Our life is a chronic illness, a feverish anemia. Our fate is that of not dying, so well have we adapted to our perpetually moribund condition.
What relationship can an age like this one have with a spiritual heir to the race of constructors, with a soul inspired by paganism’s glorious truths? None, except one of instinctive rejection and automatic scorn. We, the only dissenters from decadence, are thus forced to assume an attitude that, by its nature, is likewise decadent. An attitude of indifference is a decadent attitude, and our inability to adapt to the current milieu forces us to just such an attitude. We don’t adapt, because healthy people cannot adapt to a sick milieu, and since we don’t adapt, it is we who are sick. This is the paradox in which those of us who are pagans live. We have no hope and no cure.
I accept that this must be our attitude, but I don’t accept Ricardo Reis’s way of accepting it. Yes, we should be indifferent toward an age that wants nothing to do with us and about which we can do nothing. But we should not celebrate this indifference as if it were a good thing in itself, which is what Ricardo Reis does. In this respect Reis, far from being unaffected by the trends of this age, clearly embodies one of
them—the decadent trend. His indifference is already an adaptation to the current milieu. It is already a concession.
We are not really neopagans, or new pagans. Neopagan, or new pagan, is a nonsensical term. Paganism is the one religion that springs directly from nature, that’s born from the earth, from attributing to each object its true reality. Being quintessentially natural, it can appear and disappear, but not change in quality. The term “neopagan” makes no more sense than “neorock” or “neoflower.” Paganism appears when the human species is healthy, and disappears when it is sick. It can wither, as a flower withers, and die, as a plant dies. But it cannot assume a different form, nor does it have more than one basic form.
That rebellious Christians such as Pater and Swinburne called themselves neopagans when there was nothing pagan about them except the desire to be pagan is excusable, since there’s a certain logic in applying an impossible name to an absurdity. But we, who are pagans, cannot use a name that suggests that we are somehow “modern” about it, or that we came to “reform” or “reconstruct” the paganism of the Greeks. We came to be pagans. Paganism was reborn in us. But the paganism that was reborn in us is the same paganism there always was: submission to the gods, and justice on Earth for its own sake.
A scholar of paganism is not a pagan. And a pagan is not a humanist: he’s human. What a pagan most appreciates in Christism is the common people’s faith in miracles and saints, rituals and celebrations.

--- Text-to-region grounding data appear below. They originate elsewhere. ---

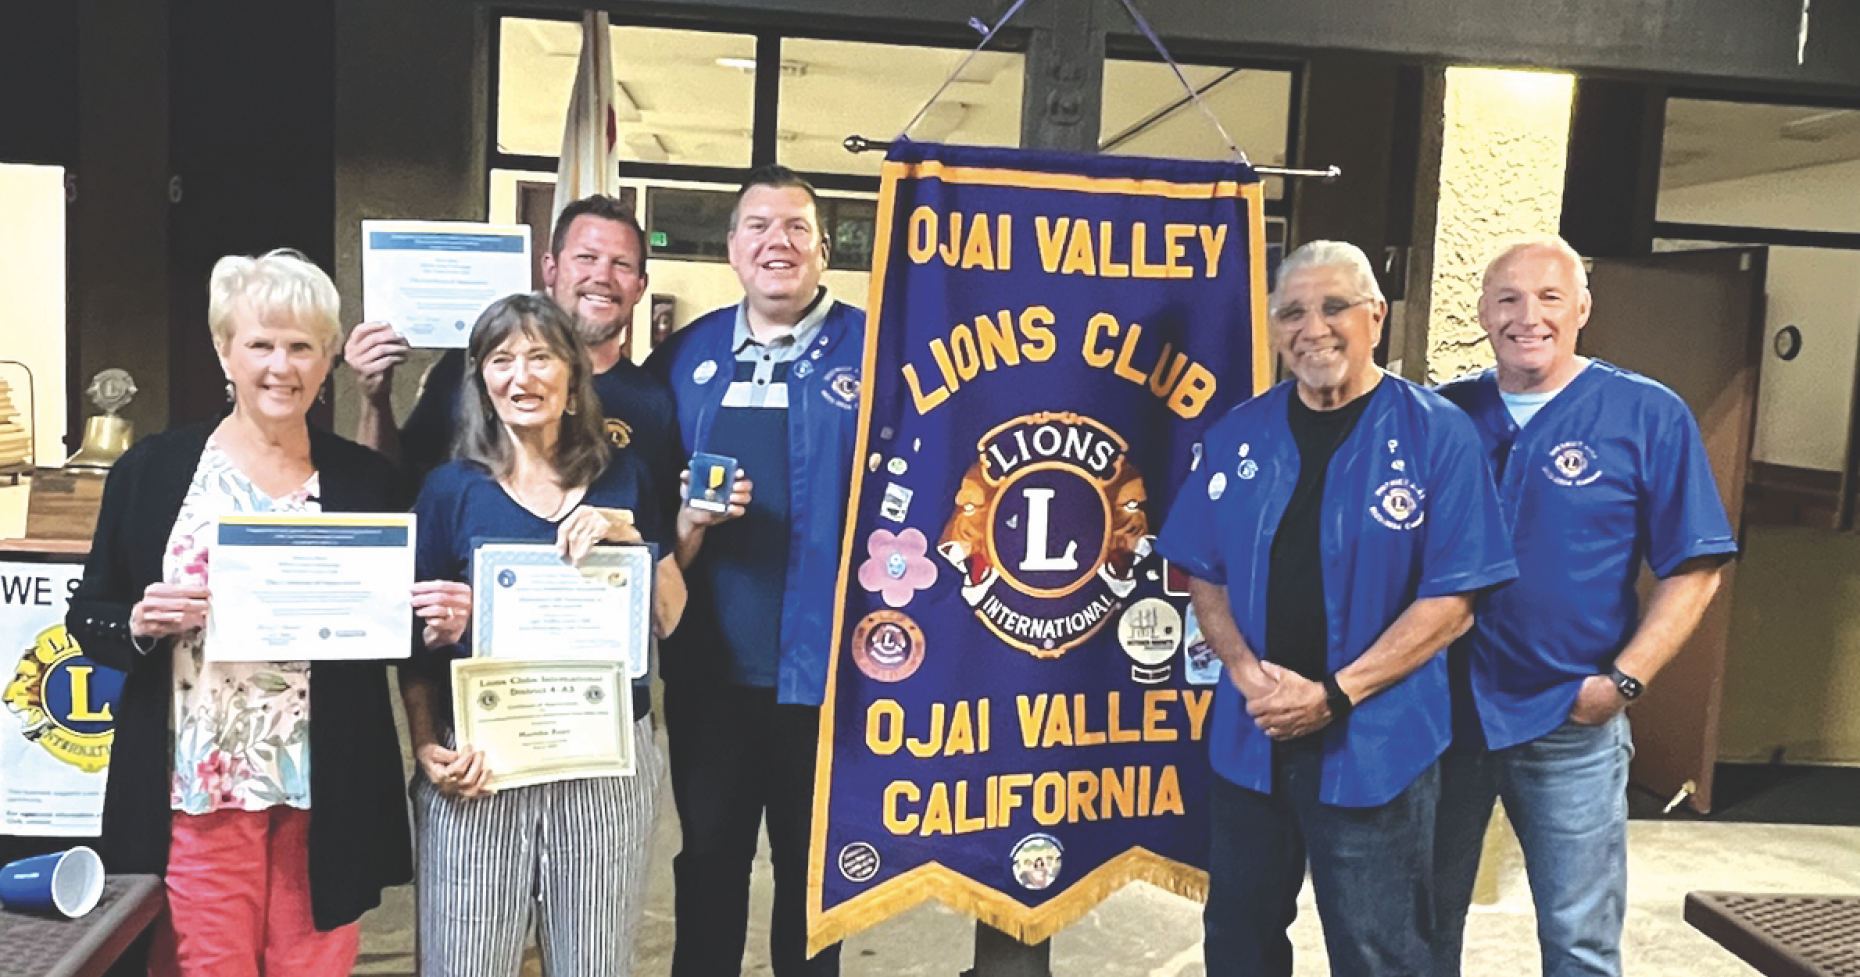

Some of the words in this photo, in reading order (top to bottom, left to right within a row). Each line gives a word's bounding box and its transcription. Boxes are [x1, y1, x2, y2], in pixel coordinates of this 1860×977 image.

[168, 175, 183, 203] 6
[908, 206, 1012, 271] OJAI
[1034, 216, 1228, 279] VALLEY
[901, 305, 1057, 416] LIONS
[1082, 312, 1217, 419] CLUB
[988, 425, 1115, 472] LIONS
[1018, 487, 1079, 571] L
[1, 575, 53, 606] WE
[982, 594, 1115, 639] INTERNATIONAL
[65, 666, 114, 722] L
[865, 698, 990, 758] OJAI
[1016, 689, 1213, 748] VALLEY
[882, 765, 1186, 837] CALIFORNIA

It is the “rejected” part of Christism that he would most readily accept, if he would accept anything Christian. Any “modern paganism” or “neopaganism” that can understand the mystic poets but not the feast days of saints has nothing in common with paganism, because the pagan willingly admits a religious procession but turns his back on the mysticism of St. Theresa of Ávila. The Christian interpretation of the world disgusts him, but a celebration at church with candles, flowers, songs, and then a festival—he sees these as good things, even if they’re part of something bad, for these things are truly human, and are the pagan interpretation of Christianity.
The pagan sympathizes with Christian superstition, because the man who isn’t superstitious isn’t a man, but he feels no sympathy for humanitarianism, since the humanitarian isn’t human.
For the pagan each thing has its nymph, or genius. Each thing is a captive nymph, or a dryad caught by our gaze; that’s why everything, for him, has an astonishing immediate reality, and he feels fellowship with each thing when he sees it, and friendship when he touches it.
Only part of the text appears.